First, let me say that from time to time, I like to learn something new, something a little out-of-the-blue—something that is genuinely novel to me, maybe something I’ve been curious about for a while, or something I’ve intended to do for a while, but occasionally something that’s only recently struck my fancy.
Once, as a kid, after years of being a terrible swimmer, I took and passed the Red Cross Swimmer’s Badge program. Another time, in my 30s, and this may not seem novel, but believe me, it felt that way, I decided I was going to conquer that math I could not pass in college (I did pass a class for graduation, but it wasn’t the “standard” calculus intro course most people took). So I took two classes at the community college—pre-calc, and then the calculus that transfers to my university as the class I couldn’t pass. I got an A- in the first, and a B- in the second. While a B- isn’t exactly acing it, it is well above “passing.”
In 2017, I decided to learn to speak Spanish. This is something I had wanted to do for years, but had never had the time. Now, I did, and thanks to a little money inherited from my mother, could afford; my mother had been a linguist, and I think she would approve. 3 semesters, and six weeks of intensive classes in Costa Rica later, I can have conversations. I do not have interpreter fluency, and cannot talk about really complicated subjects, but I can discuss more than the weather. The maintenance people where I work, save for one, all speak better English than I speak Spanish, but they kindly speak it to me so I can practice. They tell me I speak it well. Either they are just being nice, or it’s a comment on the fact that no one else who works there speaks a word of it, except one person in management who actually is Hispanic.
Anyway, two months ago, I started doing yoga. Maybe “practicing” it is a better verb, because so many people approach it like a religion. I don’t. I like my religion. However, I think I understand the mindset of the people who do.
Last weekend, I attended (for lack of a better verb), a conference, or retreat, over Zoom. Three classes a day, Friday, Saturday & Sunday. Attending Saturday was a tough decision, because it meant going online on Shabbat, but I decided that I’d Zoomed so much on Shabbat to attend Jewish events, what was another event, more or less, when there were no other options. That’s how COVID has changed my life.
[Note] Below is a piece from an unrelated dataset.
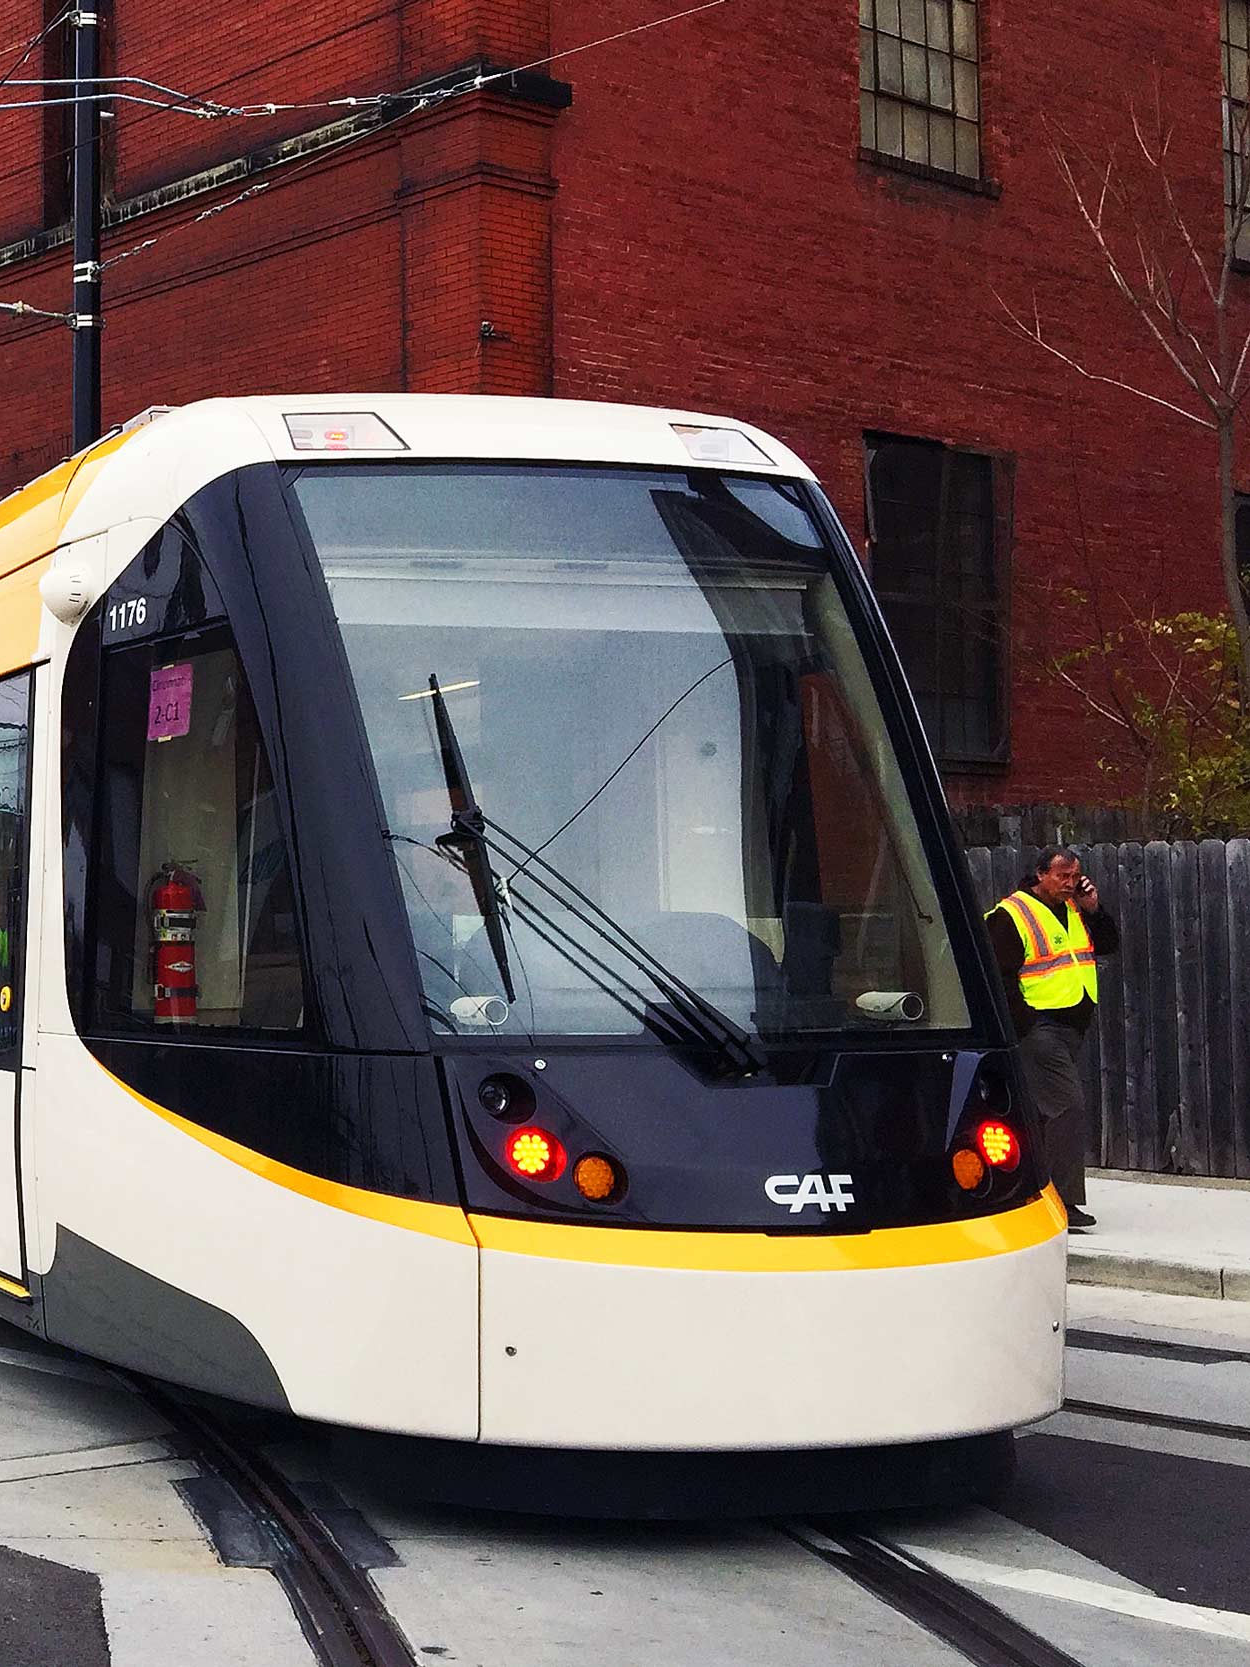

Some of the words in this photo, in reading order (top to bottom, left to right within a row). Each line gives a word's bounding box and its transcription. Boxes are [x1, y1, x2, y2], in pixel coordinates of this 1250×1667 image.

I now have a laissez-faire attitude toward online communication on Shabbat.
Anyway, the yoga classes were challenging, without being strenuous, if that makes sense. I’m a tiny bit stiff through the shoulders this morning, but I don’t feel like I’ve had a workout, in terms of sore muscles. I did in terms of exhaustion. I have not fallen into bed so tired since I was in army basic training. Maybe I was more tired when I had a newborn, but that was sleep-deprivation, not exhaustion.
On Friday night, I took my daily meds, but no PRNs, and slept from 4pm to 7pm, when my son woke me up, then again from 9pm to 4am, without interruption. I slept seven hours with no interruption. That never happens.
Saturday, I completely forgot to take bedtime medication altogether. Not even my daily medication. I fell asleep around 7pm, and woke up at 1am. I was hungry, because I hadn’t eaten dinner. After eating something, I fell back asleep for a few more hours.
A night’s sleep like that is a deep breath to someone just pulled from under water.
I started yoga out of mild curiosity, and because a few friends were sold on it. But wow, I did not expect this. It did occur to me that there might be some effect on my sleep, but nothing so immediate and profound. I need to figure out now how to keep the momentum going.
And yes, I get that this could be like a half-dozen medications that work for a while, until they don’t. But for the time-being, I’ll take what I can get.